Write the entries below out again exactly; any picture in them stays out.

Record extracts section start

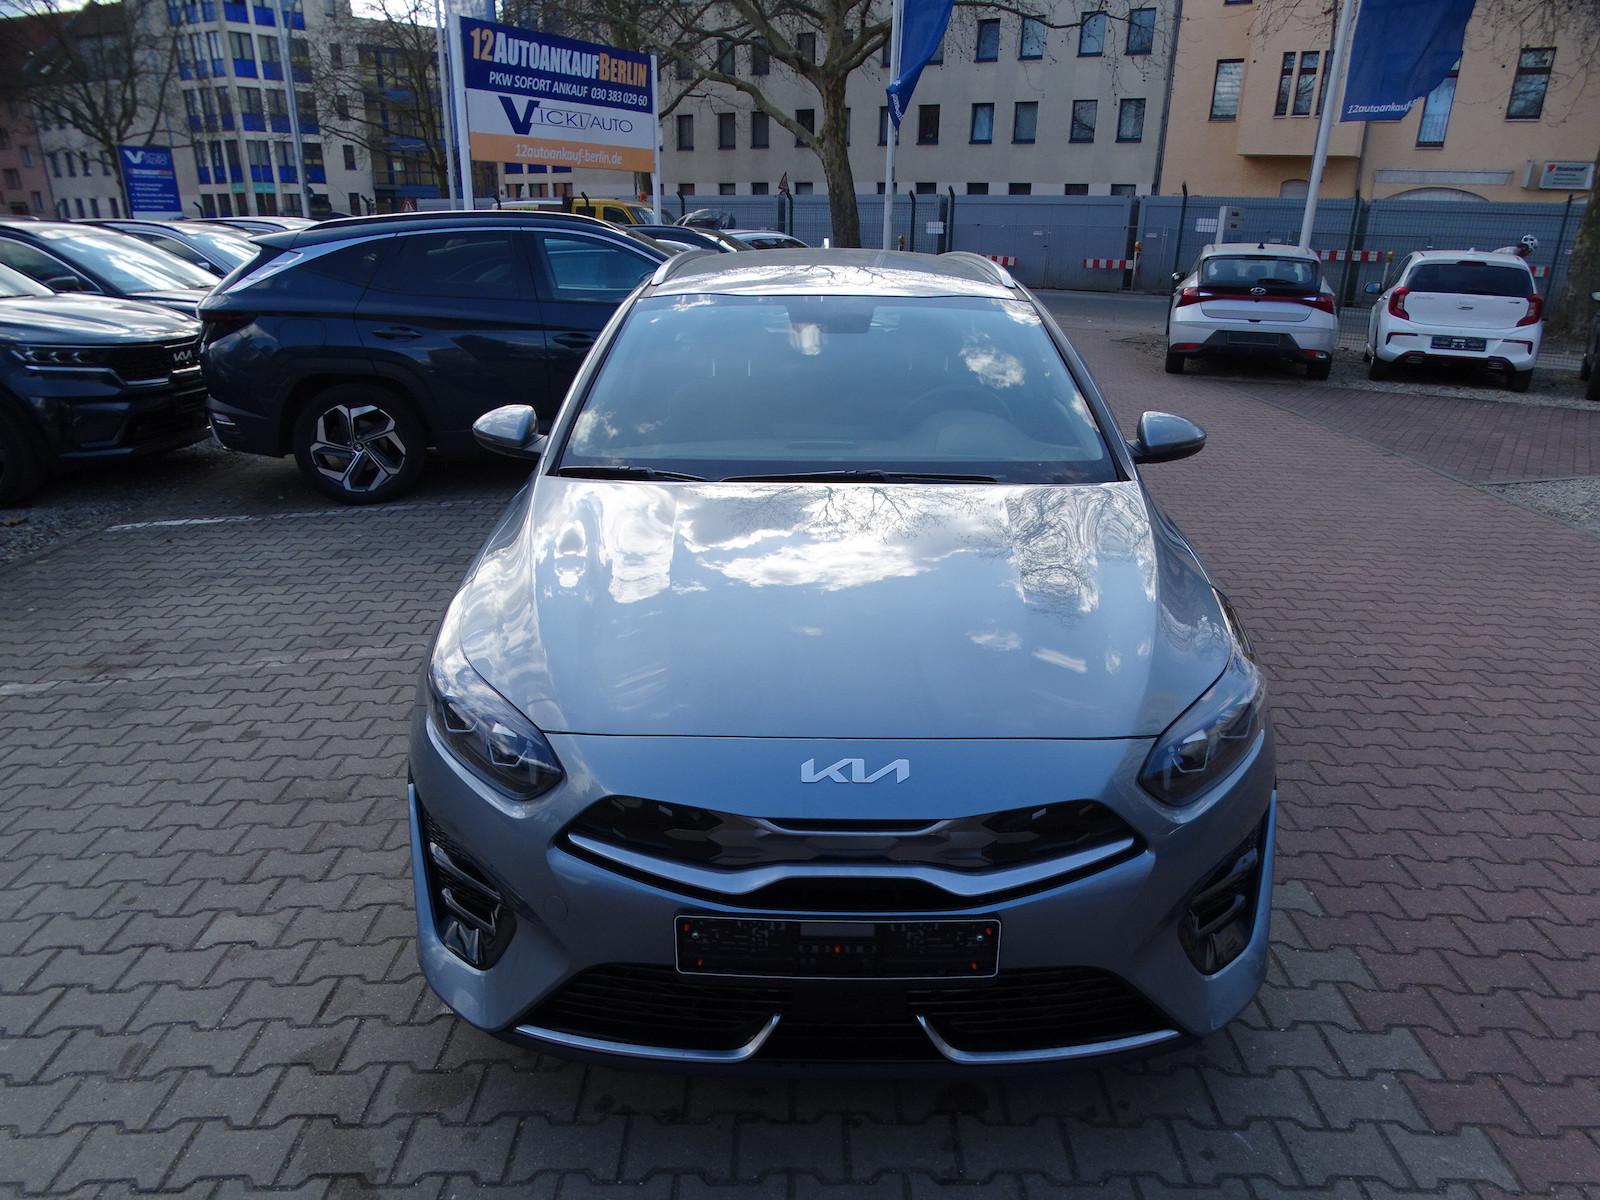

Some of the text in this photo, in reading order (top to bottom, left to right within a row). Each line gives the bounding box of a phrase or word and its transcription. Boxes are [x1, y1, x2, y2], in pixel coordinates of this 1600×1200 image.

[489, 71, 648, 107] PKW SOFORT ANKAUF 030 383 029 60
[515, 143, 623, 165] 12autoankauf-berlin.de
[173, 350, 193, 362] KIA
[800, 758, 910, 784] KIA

Record extracts section end

(Solved problem)
Some of the text in this photo, in reading order (top to bottom, left to right within a row). Each line gives the bounding box of a phrase or word and its transcription. Boxes are [x1, y1, x2, y2], in pixel coordinates of this 1600×1200 image.

[489, 71, 648, 107] PKW SOFORT ANKAUF 030 383 029 60
[515, 143, 623, 165] 12autoankauf-berlin.de
[173, 350, 193, 362] KIA
[800, 758, 910, 784] KIA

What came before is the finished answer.